* **PROBLEM DESCRIPTION**: Please repeat the entries exactly as they appear and omit any images.

———

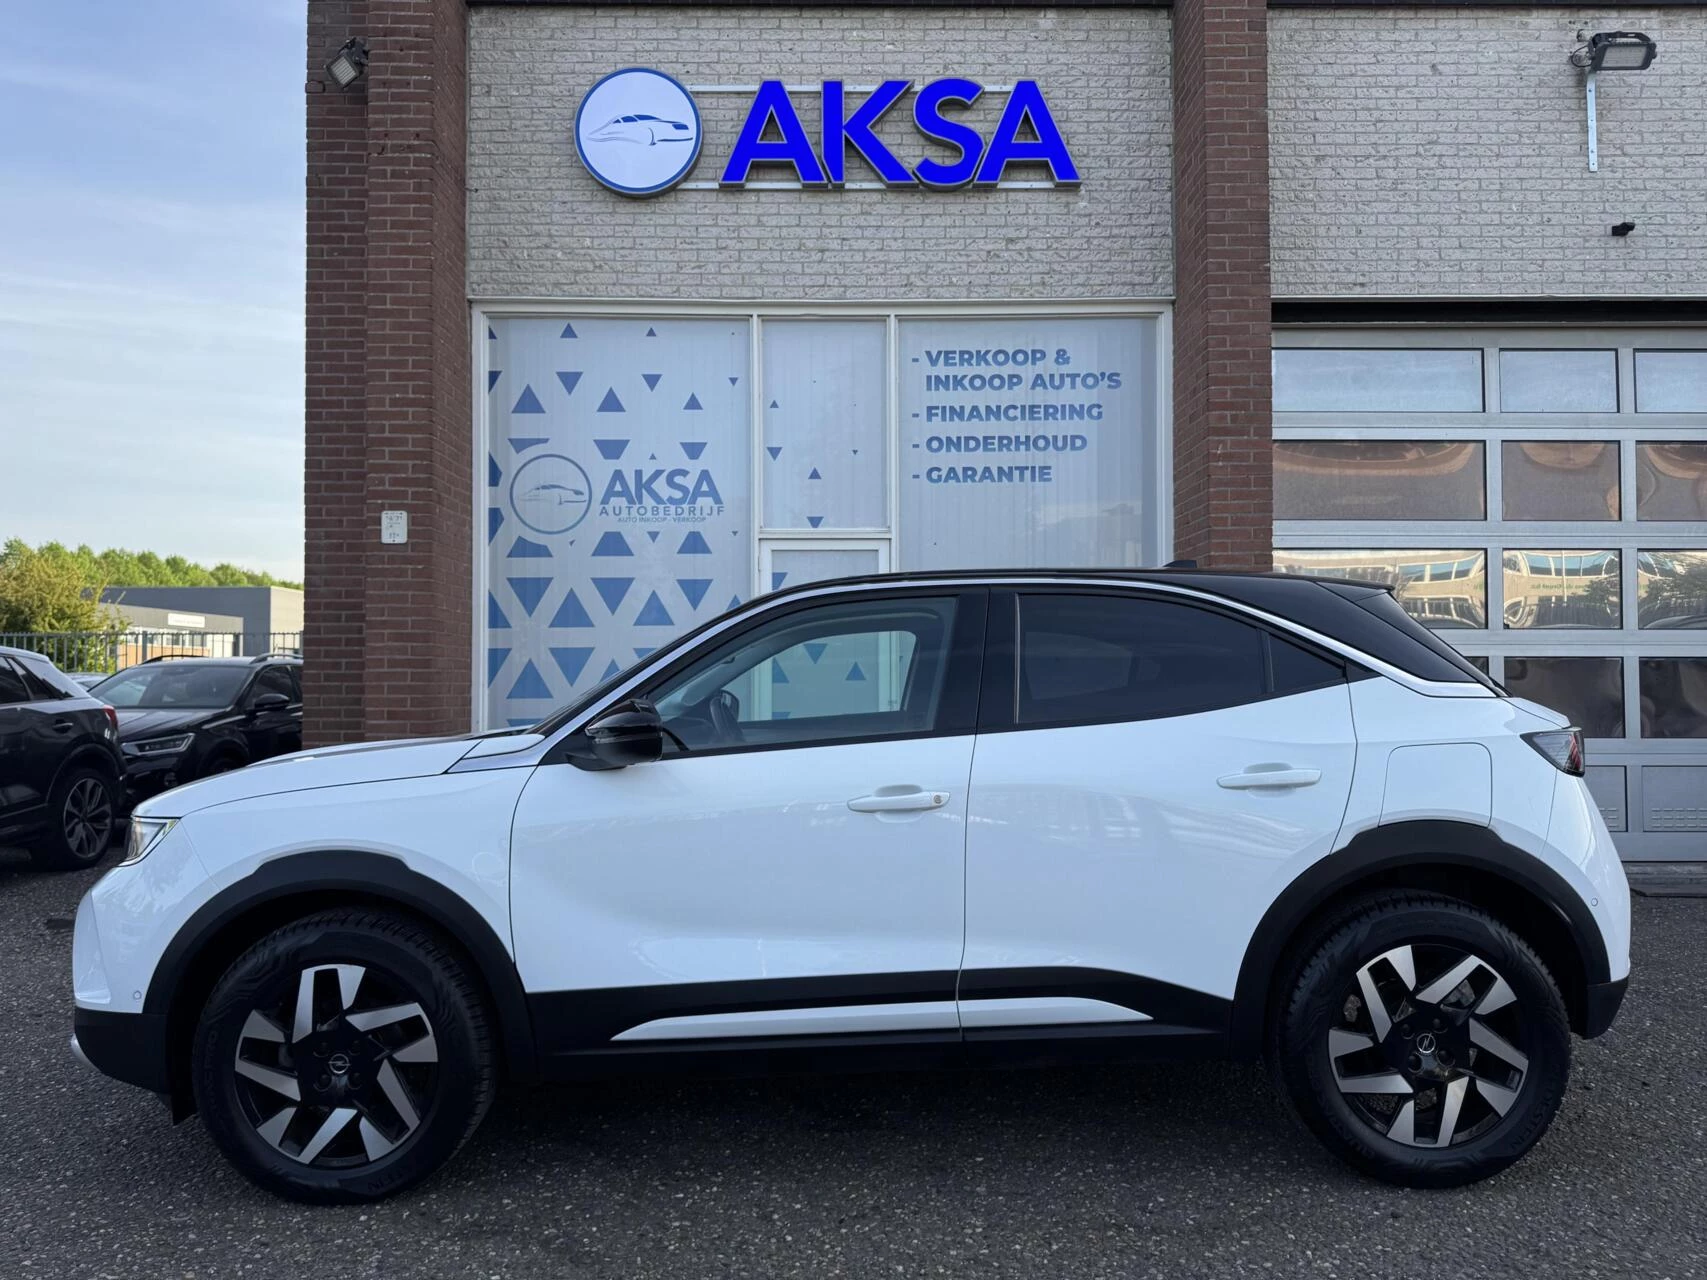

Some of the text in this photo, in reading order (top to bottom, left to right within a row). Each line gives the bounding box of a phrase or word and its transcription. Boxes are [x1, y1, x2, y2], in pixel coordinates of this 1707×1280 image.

[719, 77, 1082, 187] AKSA
[925, 349, 1047, 367] VERKOOP
[1054, 348, 1071, 366] &
[926, 371, 1122, 391] INKOOP AUTO'S
[926, 403, 1103, 422] FINANCIERING
[926, 434, 1088, 453] ONDERHOUD
[926, 465, 1053, 484] GARANTIE
[600, 468, 723, 506] AKSA
[599, 506, 725, 517] AUTOBEDRIJF
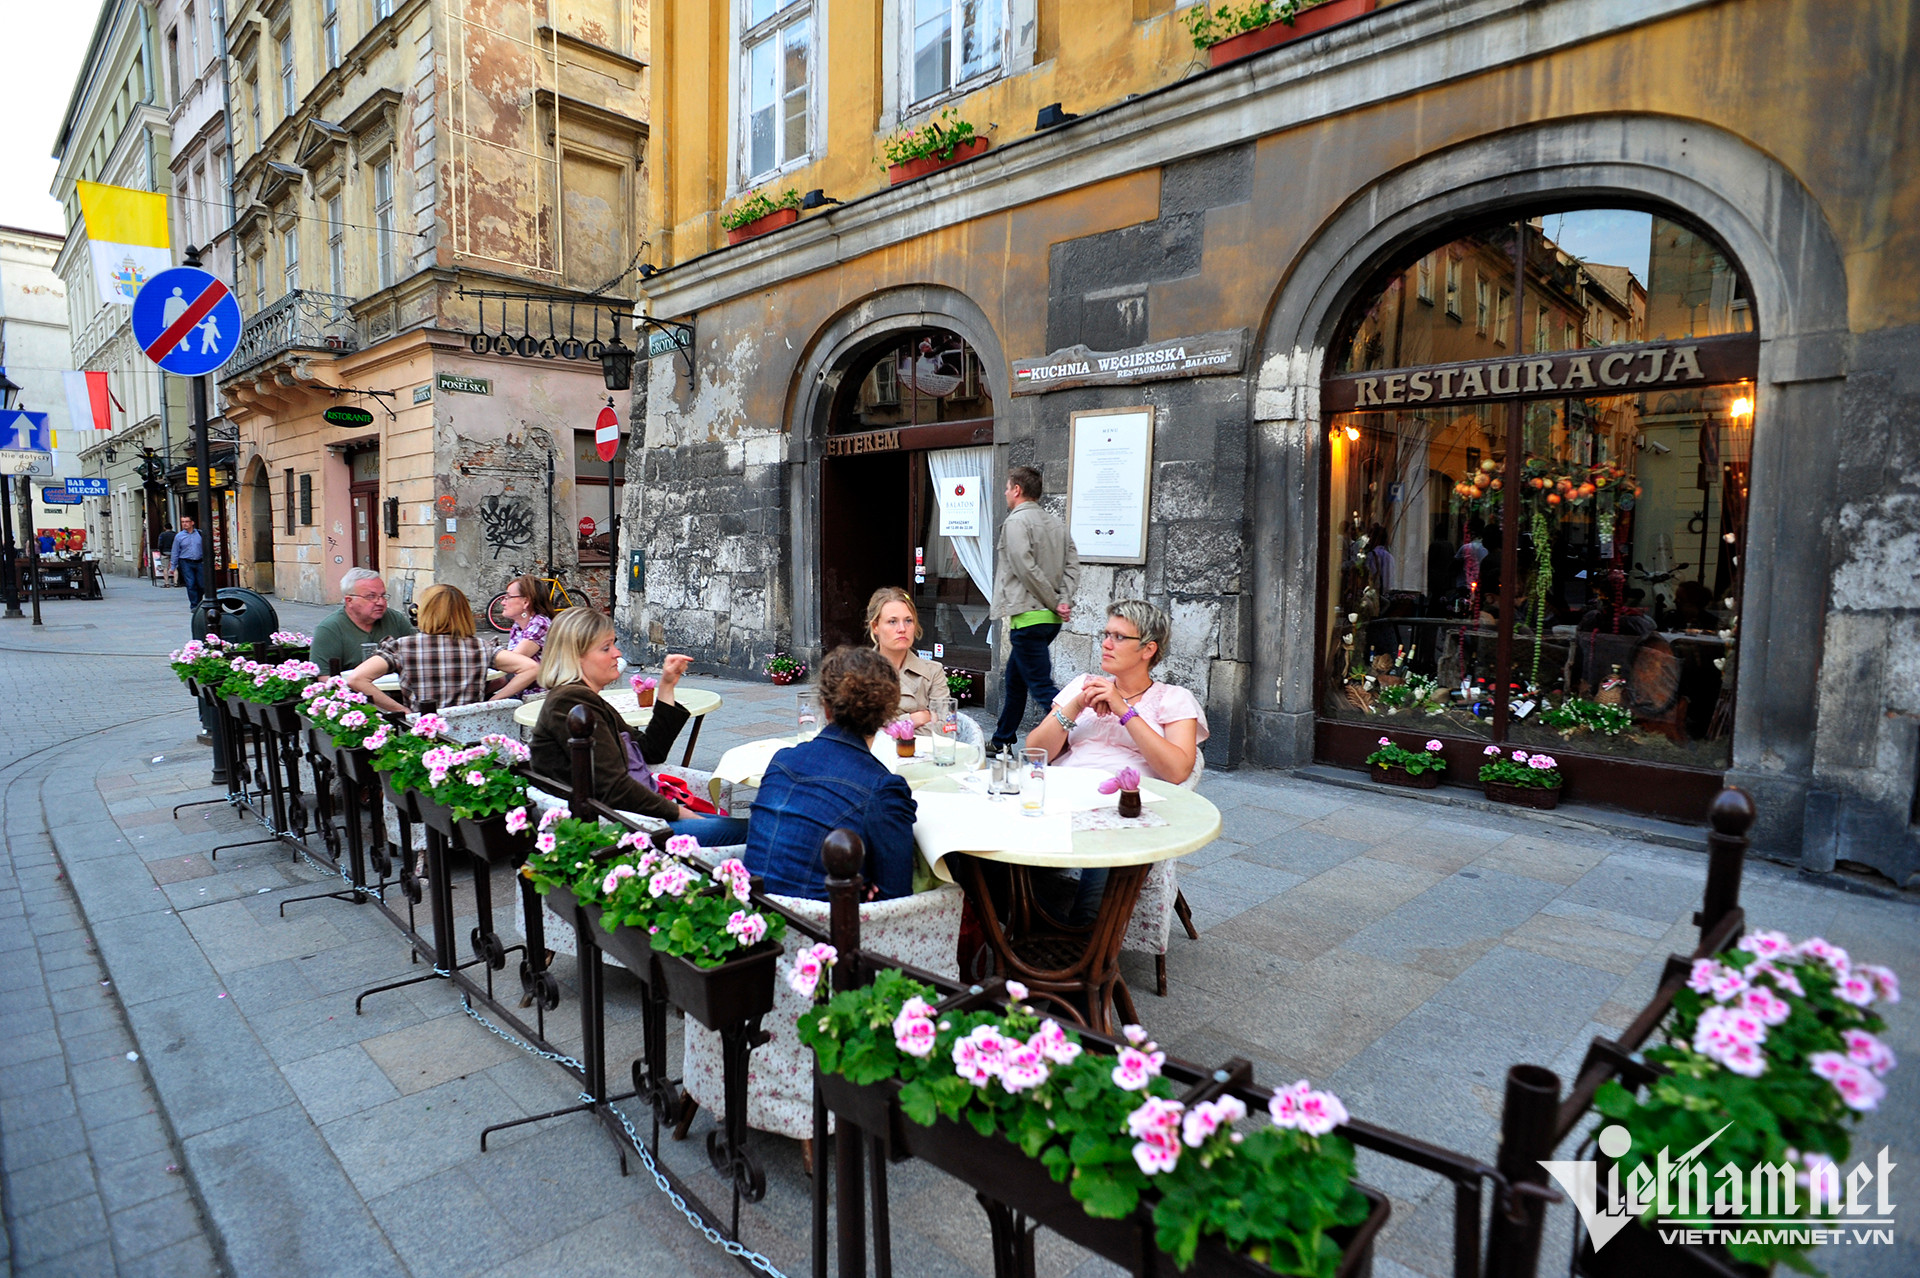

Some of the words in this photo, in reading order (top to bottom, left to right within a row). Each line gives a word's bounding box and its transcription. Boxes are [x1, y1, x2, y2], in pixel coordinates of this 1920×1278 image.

[477, 335, 627, 362] BALATO
[1031, 362, 1090, 380] KUCHNIA
[1097, 346, 1186, 373] WĘGIERSKA
[1116, 363, 1176, 378] RESTAURACJA
[441, 380, 487, 393] POSELSKA
[1354, 346, 1705, 407] RESTAURACJA
[327, 412, 372, 423] RISTORANTE
[826, 430, 900, 455] ETTEREM
[19, 453, 50, 461] dotyczy
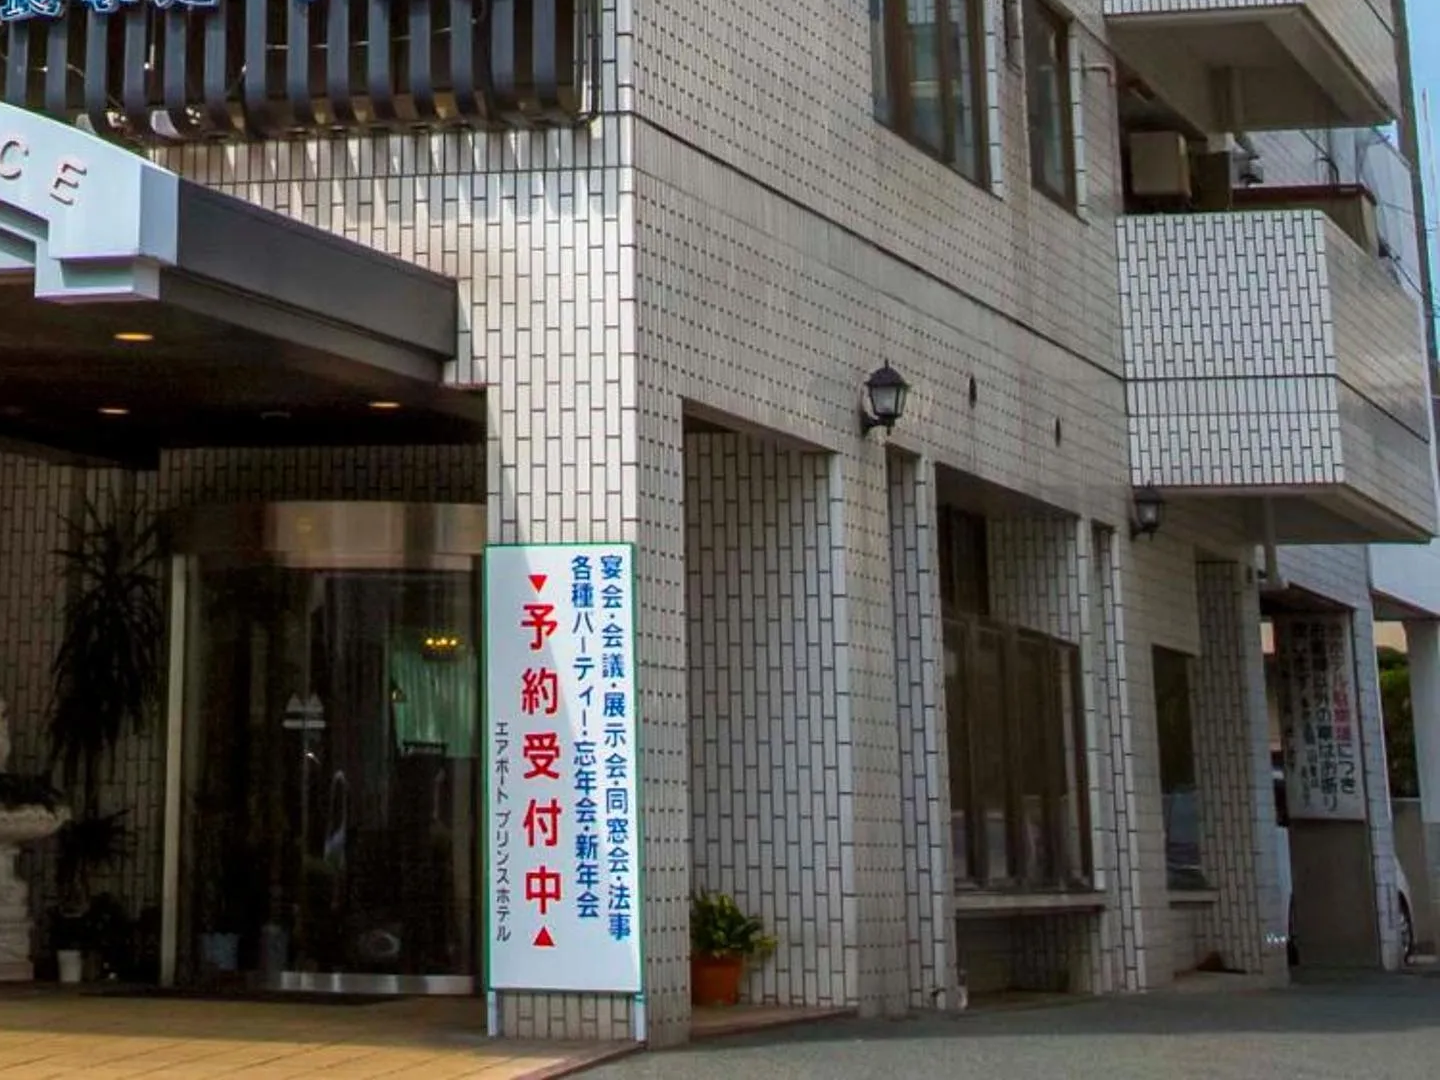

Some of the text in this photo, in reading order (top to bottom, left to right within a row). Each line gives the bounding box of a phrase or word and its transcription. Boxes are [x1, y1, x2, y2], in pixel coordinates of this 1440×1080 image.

[520, 603, 563, 916] 予約受付中

———

* **RESULT**:
Some of the text in this photo, in reading order (top to bottom, left to right within a row). Each line gives the bounding box of a phrase or word and its transcription. Boxes are [x1, y1, x2, y2], in pixel coordinates of this 1707×1280 image.

[719, 77, 1082, 187] AKSA
[925, 349, 1047, 367] VERKOOP
[1054, 348, 1071, 366] &
[926, 371, 1122, 391] INKOOP AUTO'S
[926, 403, 1103, 422] FINANCIERING
[926, 434, 1088, 453] ONDERHOUD
[926, 465, 1053, 484] GARANTIE
[600, 468, 723, 506] AKSA
[599, 506, 725, 517] AUTOBEDRIJF

Some of the words in this photo, in reading order (top to bottom, left to right within a row). Each line gives a word's bounding box and its transcription. Boxes are [x1, y1, x2, y2], in pixel coordinates of this 1920×1278 image.

[477, 335, 627, 362] BALATO
[1031, 362, 1090, 380] KUCHNIA
[1097, 346, 1186, 373] WĘGIERSKA
[1116, 363, 1176, 378] RESTAURACJA
[441, 380, 487, 393] POSELSKA
[1354, 346, 1705, 407] RESTAURACJA
[327, 412, 372, 423] RISTORANTE
[826, 430, 900, 455] ETTEREM
[19, 453, 50, 461] dotyczy

Some of the text in this photo, in reading order (top to bottom, left to right within a row). Each line gives the bounding box of a phrase or word and its transcription. Boxes are [x1, y1, x2, y2], in pixel coordinates of this 1440×1080 image.

[520, 603, 563, 916] 予約受付中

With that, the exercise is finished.